» Exercise requirements
Output the full listing below exactly, without the pictures.

» Data to use
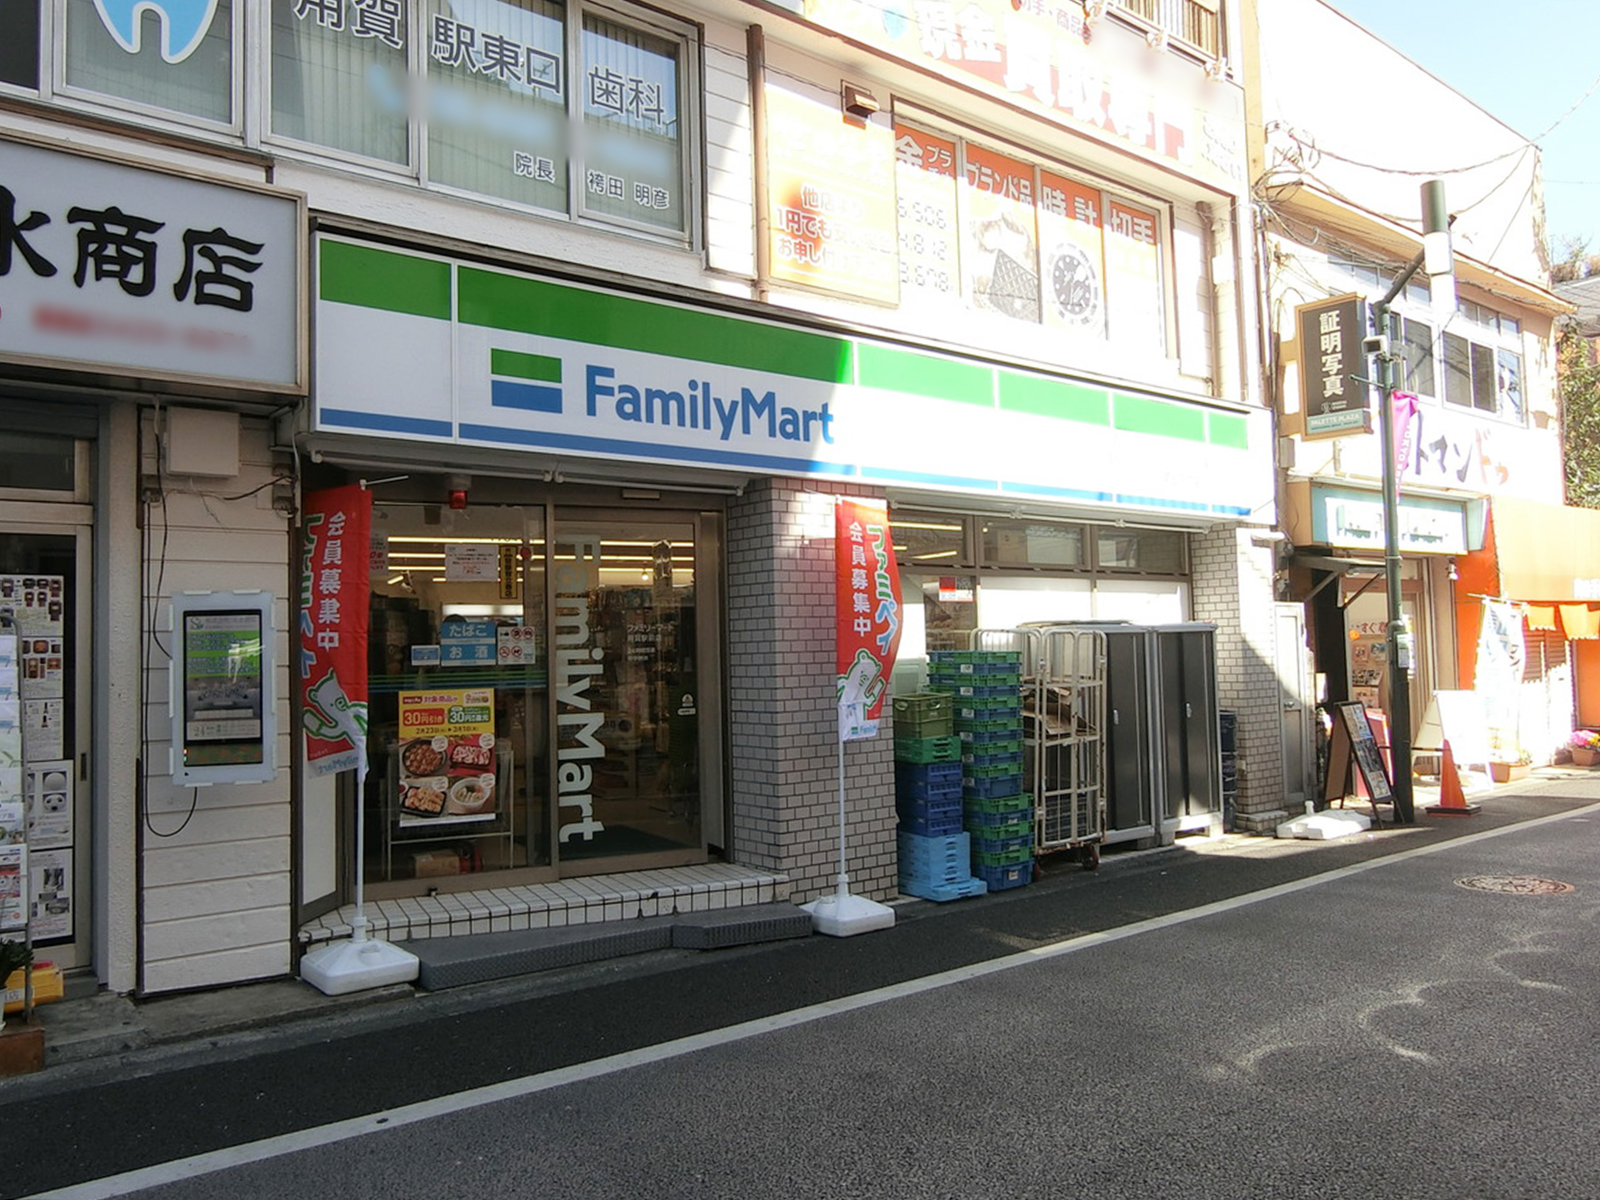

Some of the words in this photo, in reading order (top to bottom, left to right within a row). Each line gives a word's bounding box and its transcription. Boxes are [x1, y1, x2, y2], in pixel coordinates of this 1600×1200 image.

[431, 15, 564, 95] 駅東口
[587, 65, 666, 126] 歯科
[513, 151, 556, 183] 院長
[634, 184, 670, 209] 明彦
[1041, 185, 1099, 227] 時計
[1110, 207, 1154, 245] 切手
[1319, 309, 1344, 398] 証明写真
[585, 364, 834, 445] FamilyMart
[849, 521, 871, 638] 会員募集中
[866, 524, 898, 656] ファミペイ
[449, 625, 487, 637] たばこ
[449, 646, 489, 659] お酒
[553, 533, 606, 845] FamilyMart
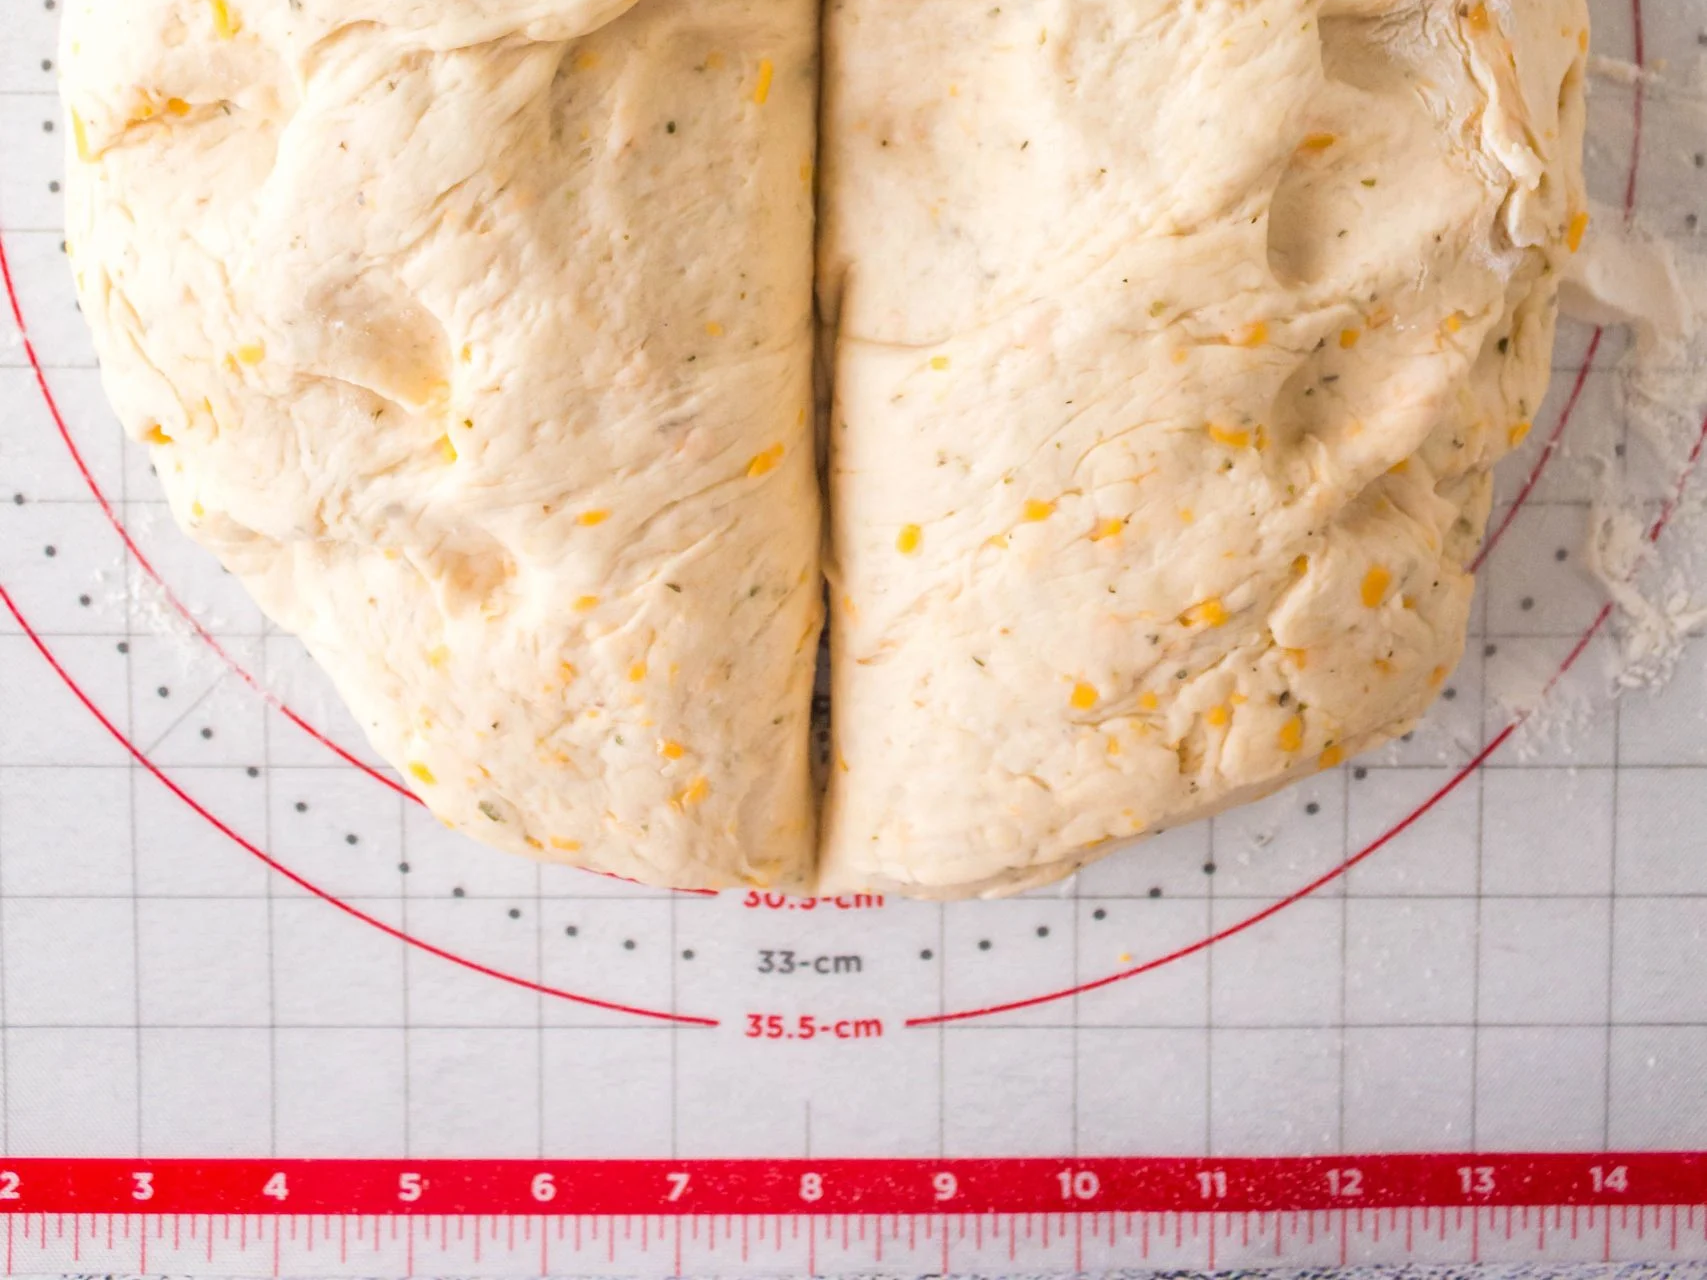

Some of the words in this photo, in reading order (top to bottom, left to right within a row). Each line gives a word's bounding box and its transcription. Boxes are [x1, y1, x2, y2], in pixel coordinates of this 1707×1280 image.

[757, 950, 863, 975] 33-cm
[746, 1014, 883, 1039] 35.5-cm
[0, 1171, 20, 1199] 2
[133, 1172, 153, 1200] 3
[263, 1172, 288, 1200] 4
[400, 1173, 421, 1201] 5
[532, 1173, 555, 1201] 6
[668, 1173, 690, 1201] 7
[801, 1173, 822, 1201] 8
[934, 1172, 956, 1200] 9
[1059, 1171, 1098, 1199] 10
[1197, 1171, 1226, 1198] 11
[1327, 1169, 1364, 1196] 12
[1457, 1167, 1495, 1193] 13
[1589, 1166, 1628, 1192] 14
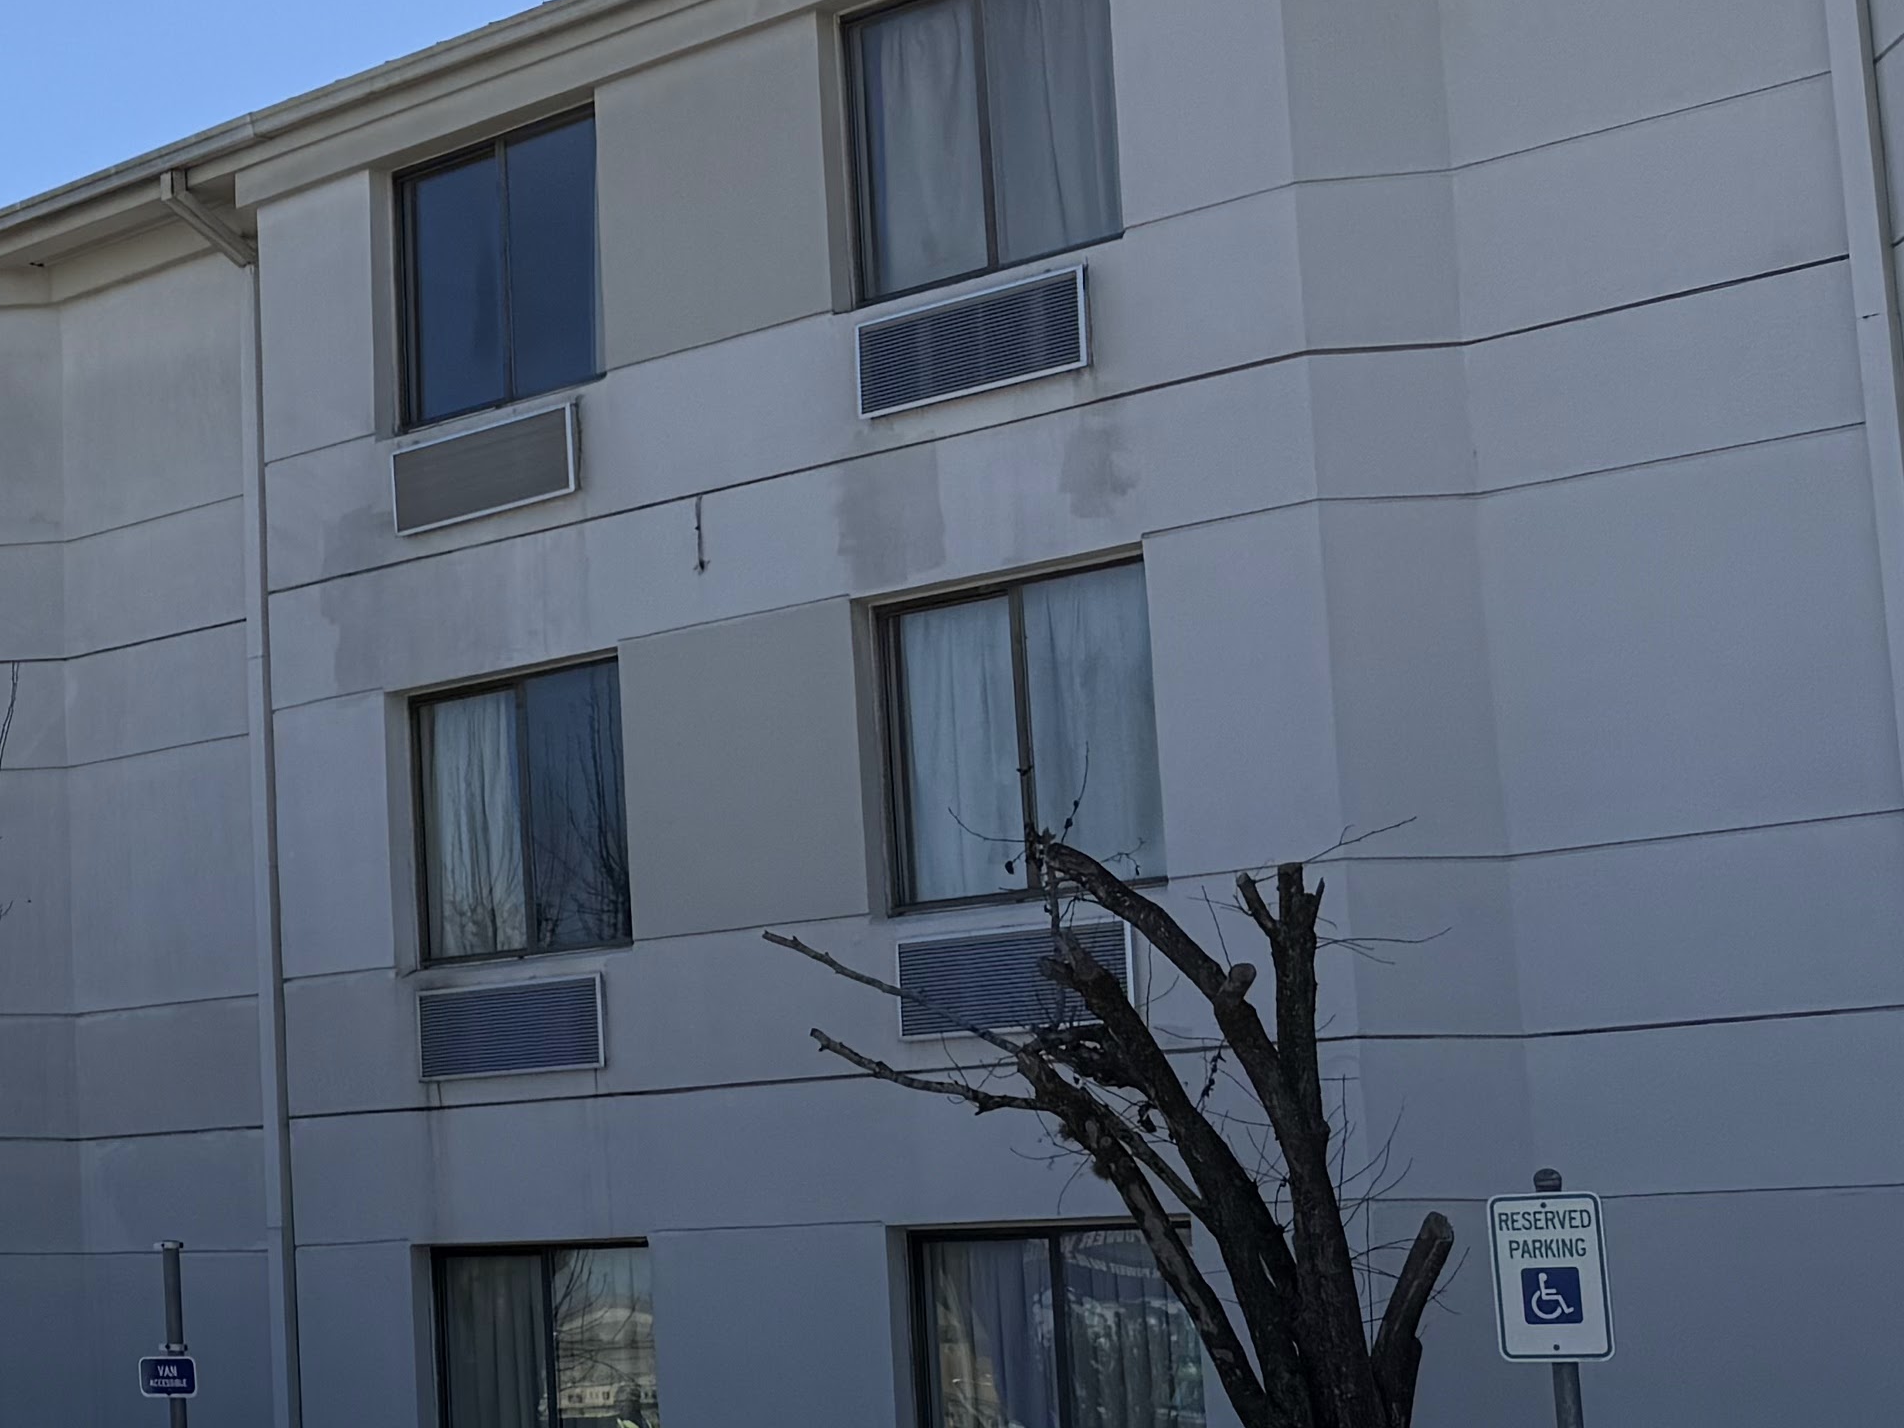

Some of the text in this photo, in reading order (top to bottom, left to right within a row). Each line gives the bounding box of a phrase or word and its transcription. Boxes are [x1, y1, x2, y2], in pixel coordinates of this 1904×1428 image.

» Completed task
Some of the words in this photo, in reading order (top to bottom, left to right within a row). Each line gives a word's bounding box and its transcription. Boxes are [x1, y1, x2, y2], in pixel coordinates of this 1600×1200 image.

[431, 15, 564, 95] 駅東口
[587, 65, 666, 126] 歯科
[513, 151, 556, 183] 院長
[634, 184, 670, 209] 明彦
[1041, 185, 1099, 227] 時計
[1110, 207, 1154, 245] 切手
[1319, 309, 1344, 398] 証明写真
[585, 364, 834, 445] FamilyMart
[849, 521, 871, 638] 会員募集中
[866, 524, 898, 656] ファミペイ
[449, 625, 487, 637] たばこ
[449, 646, 489, 659] お酒
[553, 533, 606, 845] FamilyMart

Some of the words in this photo, in reading order (top to bottom, left to right within a row). Each line gives a word's bounding box and its transcription. Boxes are [x1, y1, x2, y2], in pixel coordinates of this 1707×1280 image.

[757, 950, 863, 975] 33-cm
[746, 1014, 883, 1039] 35.5-cm
[0, 1171, 20, 1199] 2
[133, 1172, 153, 1200] 3
[263, 1172, 288, 1200] 4
[400, 1173, 421, 1201] 5
[532, 1173, 555, 1201] 6
[668, 1173, 690, 1201] 7
[801, 1173, 822, 1201] 8
[934, 1172, 956, 1200] 9
[1059, 1171, 1098, 1199] 10
[1197, 1171, 1226, 1198] 11
[1327, 1169, 1364, 1196] 12
[1457, 1167, 1495, 1193] 13
[1589, 1166, 1628, 1192] 14

Some of the text in this photo, in reading order (top to bottom, left to right within a row). Each line gives the bounding box of a phrase or word and its transcription. Boxes are [x1, y1, x2, y2], in pixel coordinates of this 1904×1428 image.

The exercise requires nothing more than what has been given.